Even Isaiah knew about those hidden treasures when he said:

I will give you hidden treasures,
 riches stored in secret places,
 so that you may know that I am the Lord,
 the God of Israel, who summons you by name. (Isaiah 45:3)

The ESV version calls these hidden treasures “treasures in the darkness.” These treasures, my own process of healing, weigh heavy on me, but I begin to understand: how short time is, the priceless gift of every soul and that suffering in community helps heal a broken world. In our journey, we learn to thank God not just for the beauty, but also—here’s the hard one—for suffering.

We offer gratitude despite our circumstances. 

We see that there may be some blessing past our pain.  The Bible says even in the midst of Job’s worst nightmare: losing his children, everything he had, even his own health, he still gave thanks saying,

“The Lord gives and the Lord takes away.  Blessed be the name of the Lord.”

Like Job, James MacDonald says we need to “Embrace what He has allowed, no matter how painful it is.”  Only through acceptance can we move past the bitterness of suffering and on to the gifts that are found in the darkness. Sometimes our hearts are too hard, too broken, too devastated to understand these gifts.  Sometimes our fists are still pounding the walls.  But it will come, if we turn those fists into open hands.  If we open our hearts to what might be.

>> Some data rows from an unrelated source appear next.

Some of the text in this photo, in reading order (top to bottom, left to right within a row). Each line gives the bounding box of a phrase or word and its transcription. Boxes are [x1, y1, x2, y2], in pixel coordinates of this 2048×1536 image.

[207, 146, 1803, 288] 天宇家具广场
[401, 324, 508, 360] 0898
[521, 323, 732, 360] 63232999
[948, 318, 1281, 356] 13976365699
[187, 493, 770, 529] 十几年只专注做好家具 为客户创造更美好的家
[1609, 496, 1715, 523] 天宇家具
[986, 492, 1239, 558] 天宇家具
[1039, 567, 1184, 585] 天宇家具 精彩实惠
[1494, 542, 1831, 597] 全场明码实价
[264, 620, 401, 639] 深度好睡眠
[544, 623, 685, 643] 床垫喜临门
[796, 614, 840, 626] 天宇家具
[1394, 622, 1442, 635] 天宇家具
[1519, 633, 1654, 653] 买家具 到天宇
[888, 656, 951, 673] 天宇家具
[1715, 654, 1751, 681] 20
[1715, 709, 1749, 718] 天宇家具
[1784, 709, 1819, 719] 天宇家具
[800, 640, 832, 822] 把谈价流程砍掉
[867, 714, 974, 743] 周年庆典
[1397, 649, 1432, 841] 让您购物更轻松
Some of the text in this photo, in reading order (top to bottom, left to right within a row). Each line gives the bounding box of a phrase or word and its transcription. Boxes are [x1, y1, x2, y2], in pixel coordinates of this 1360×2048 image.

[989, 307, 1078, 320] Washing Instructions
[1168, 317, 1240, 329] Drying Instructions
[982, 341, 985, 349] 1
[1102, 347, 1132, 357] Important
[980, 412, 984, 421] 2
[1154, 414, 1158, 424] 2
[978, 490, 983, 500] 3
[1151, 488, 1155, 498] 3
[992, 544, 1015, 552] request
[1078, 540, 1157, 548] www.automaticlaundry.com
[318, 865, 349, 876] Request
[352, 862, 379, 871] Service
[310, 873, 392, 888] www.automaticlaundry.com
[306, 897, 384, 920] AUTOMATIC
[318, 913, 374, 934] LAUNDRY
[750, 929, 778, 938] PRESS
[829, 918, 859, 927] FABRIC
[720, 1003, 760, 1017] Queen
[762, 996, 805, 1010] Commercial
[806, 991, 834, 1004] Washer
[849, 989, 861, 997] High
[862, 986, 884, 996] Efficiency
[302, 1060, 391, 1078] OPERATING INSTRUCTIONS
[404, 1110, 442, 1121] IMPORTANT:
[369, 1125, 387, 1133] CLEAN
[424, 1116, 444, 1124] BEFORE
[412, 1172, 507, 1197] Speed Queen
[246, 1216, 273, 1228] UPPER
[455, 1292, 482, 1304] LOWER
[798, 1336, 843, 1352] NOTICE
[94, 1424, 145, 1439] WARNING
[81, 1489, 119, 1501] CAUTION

I wander through the park, in the midst of colored leaves and dying foliage. We twist and turn, my dog and I, past crabapple trees and red maples, past berry bushes and golden perennials dying in the half-light.  I don’t know where I’m going.  There are no straight paths or clear ends to this journey. How much does my own life feel this way? So twisted and turned?  It’s not the straight path I planned and yet, if I walk, head down, focused only on the path, I miss what is all around me:  The gift of this journey, the treasure in the dark.